● Work item
In the records below, find the line containing "this 1428×1904 image."; restate it and every later line word for word, through the last.

====

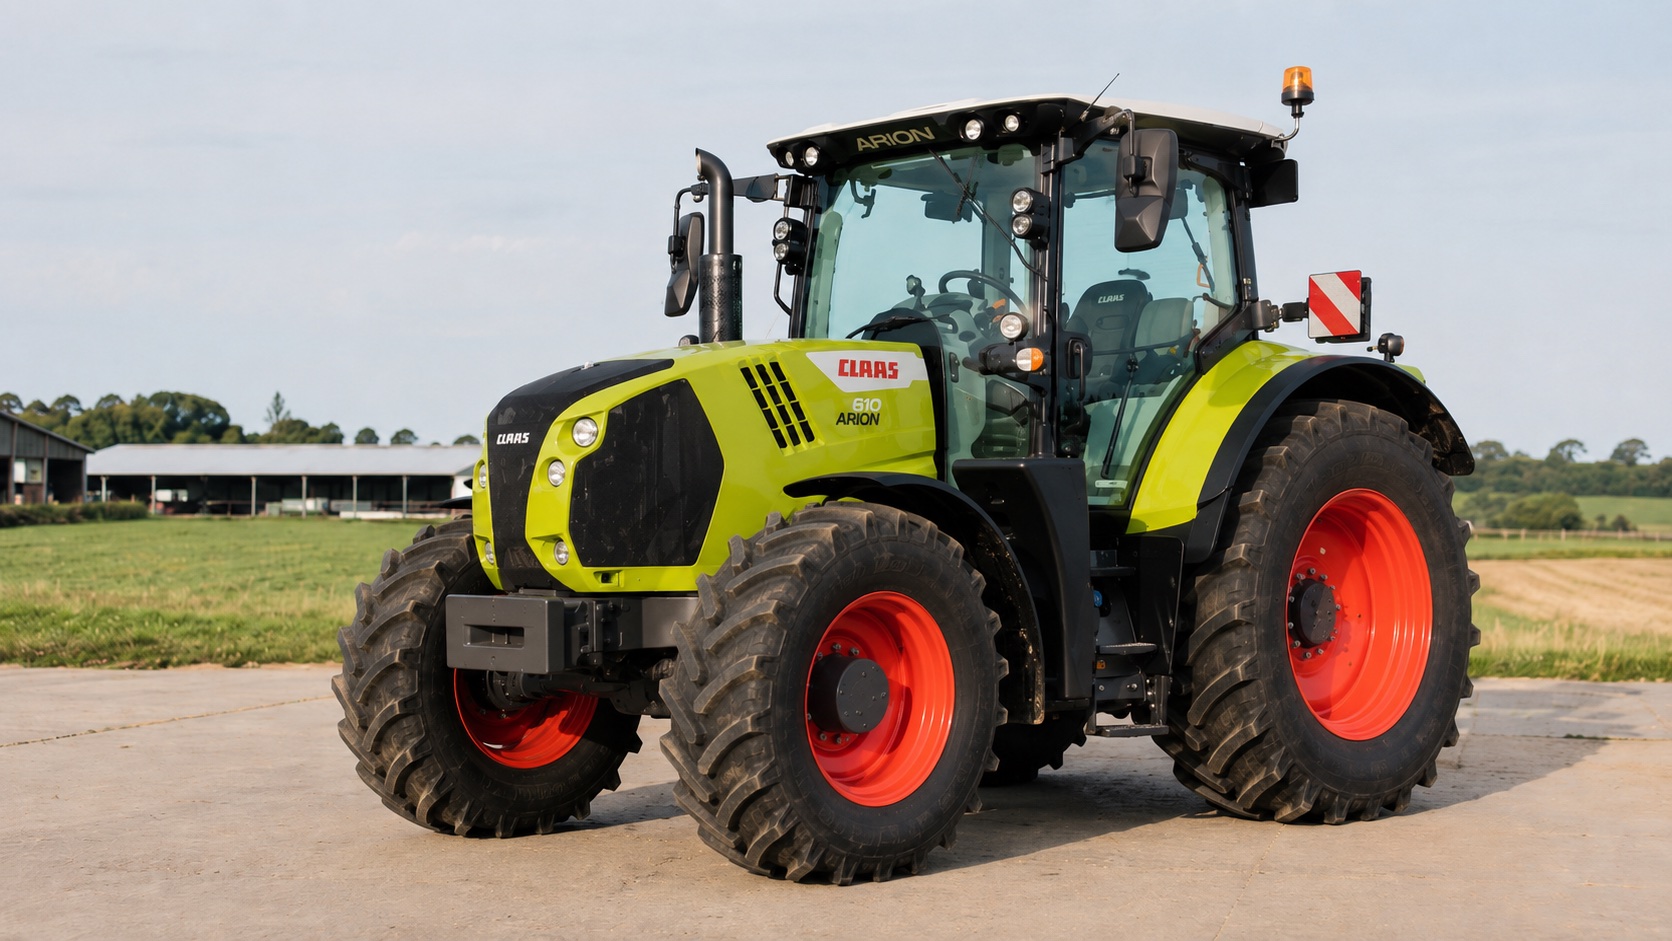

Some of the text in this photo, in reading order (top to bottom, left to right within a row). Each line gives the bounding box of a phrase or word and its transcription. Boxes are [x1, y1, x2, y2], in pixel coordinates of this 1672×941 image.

[857, 126, 936, 151] ARION
[1097, 294, 1125, 304] CLAAS
[838, 359, 899, 379] CLAAS
[852, 397, 882, 412] 610
[836, 412, 880, 425] ARION
[496, 432, 530, 445] CLAAS
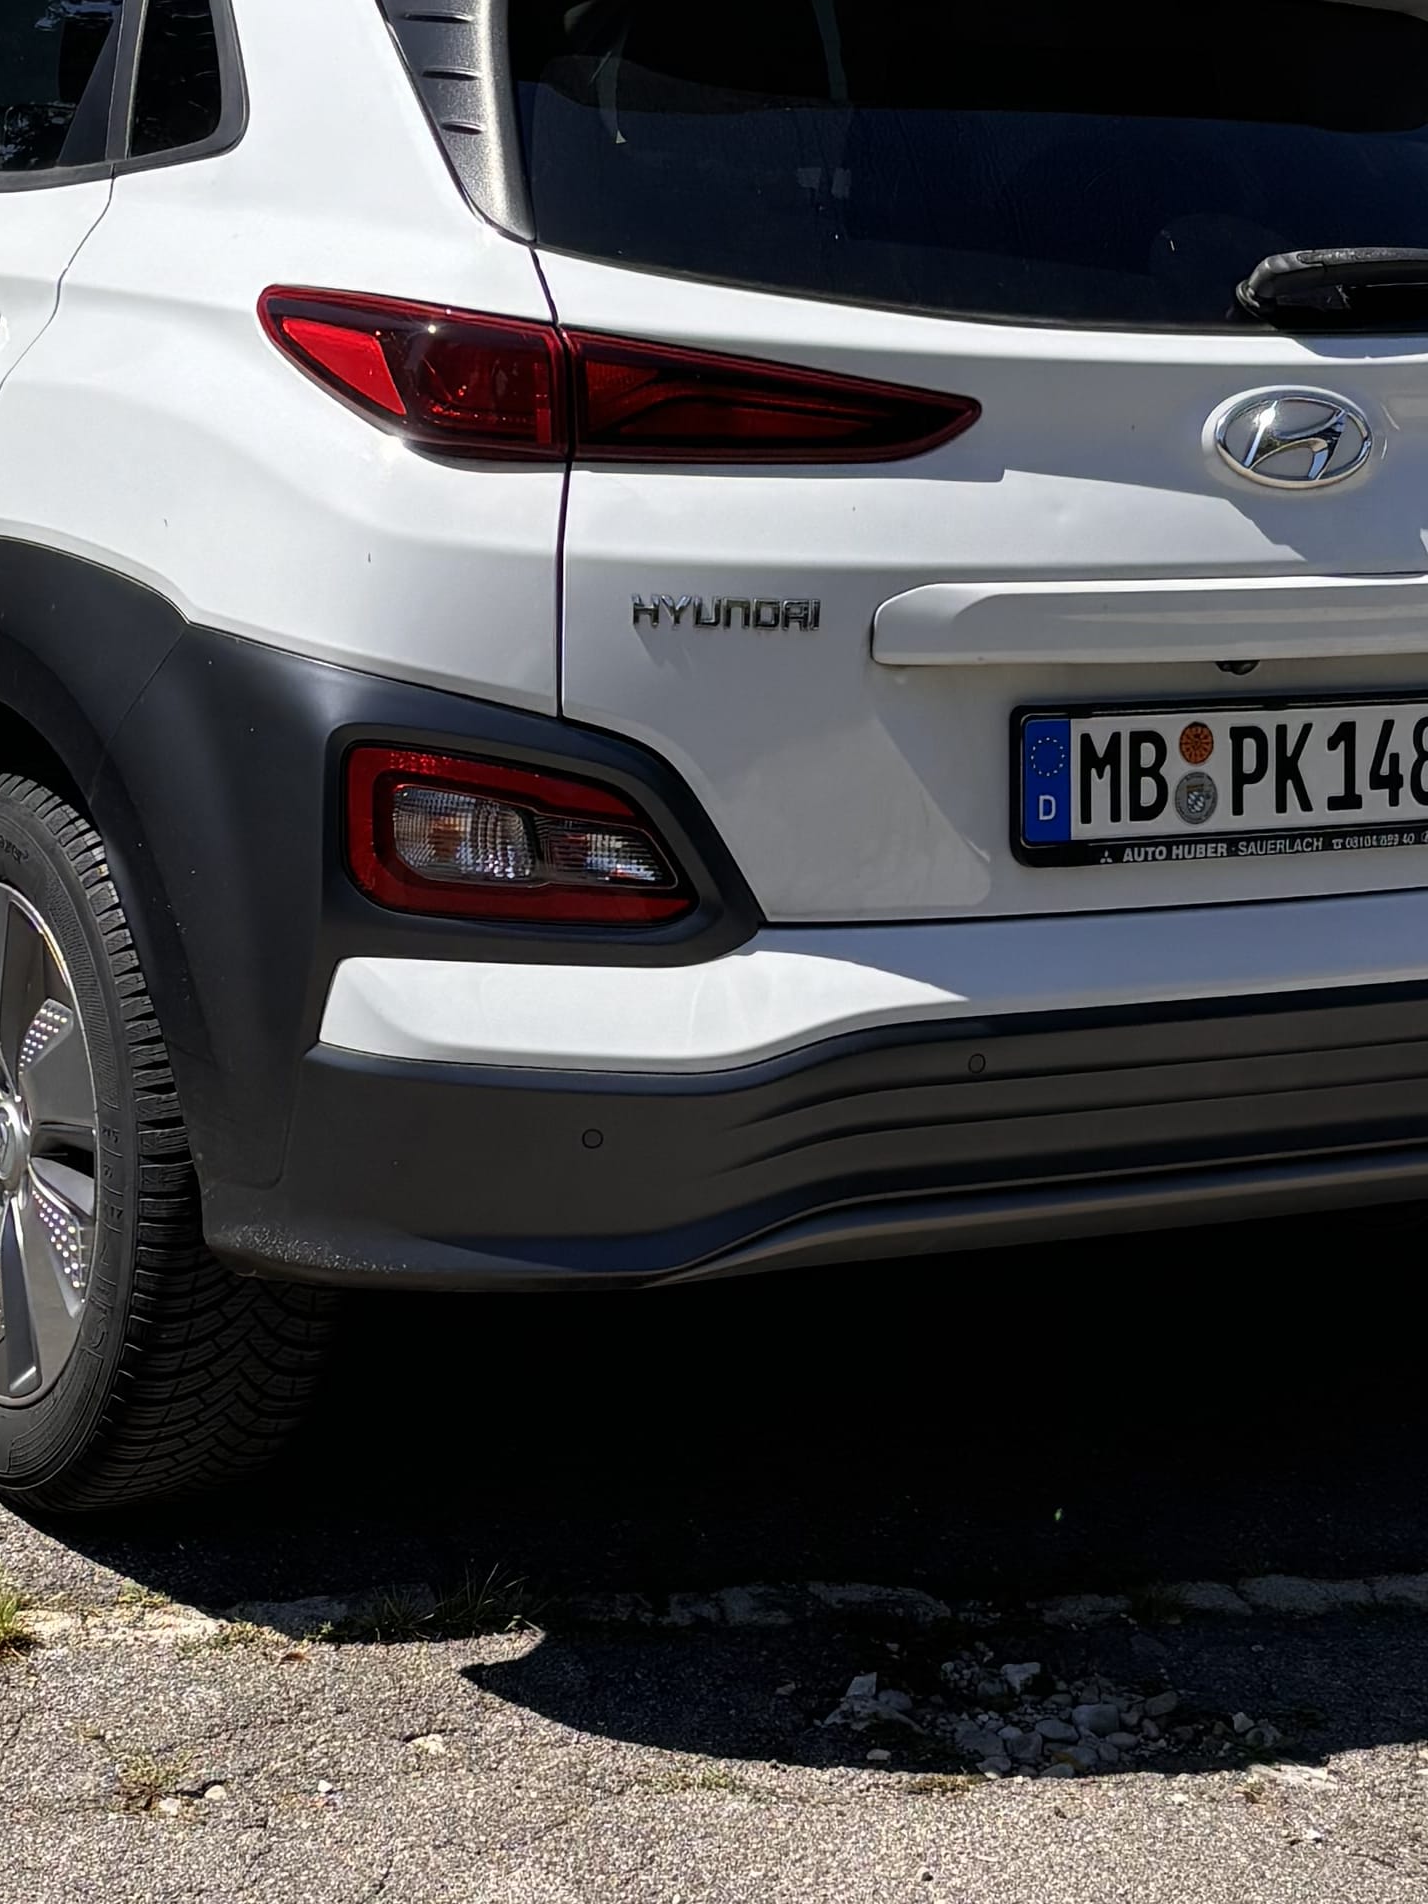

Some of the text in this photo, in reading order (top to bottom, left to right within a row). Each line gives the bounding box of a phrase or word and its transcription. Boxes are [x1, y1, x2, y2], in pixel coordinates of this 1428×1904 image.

[630, 593, 822, 632] HYUNDAI
[1079, 729, 1169, 825] MB
[1038, 794, 1057, 822] D
[1122, 845, 1167, 863] AUTO
[1172, 842, 1228, 860] HUBER
[1238, 837, 1324, 856] SAUERLACH

====

● Reply
Some of the text in this photo, in reading order (top to bottom, left to right within a row). Each line gives the bounding box of a phrase or word and its transcription. Boxes are [x1, y1, x2, y2], in pixel coordinates of this 1428×1904 image.

[630, 593, 822, 632] HYUNDAI
[1079, 729, 1169, 825] MB
[1038, 794, 1057, 822] D
[1122, 845, 1167, 863] AUTO
[1172, 842, 1228, 860] HUBER
[1238, 837, 1324, 856] SAUERLACH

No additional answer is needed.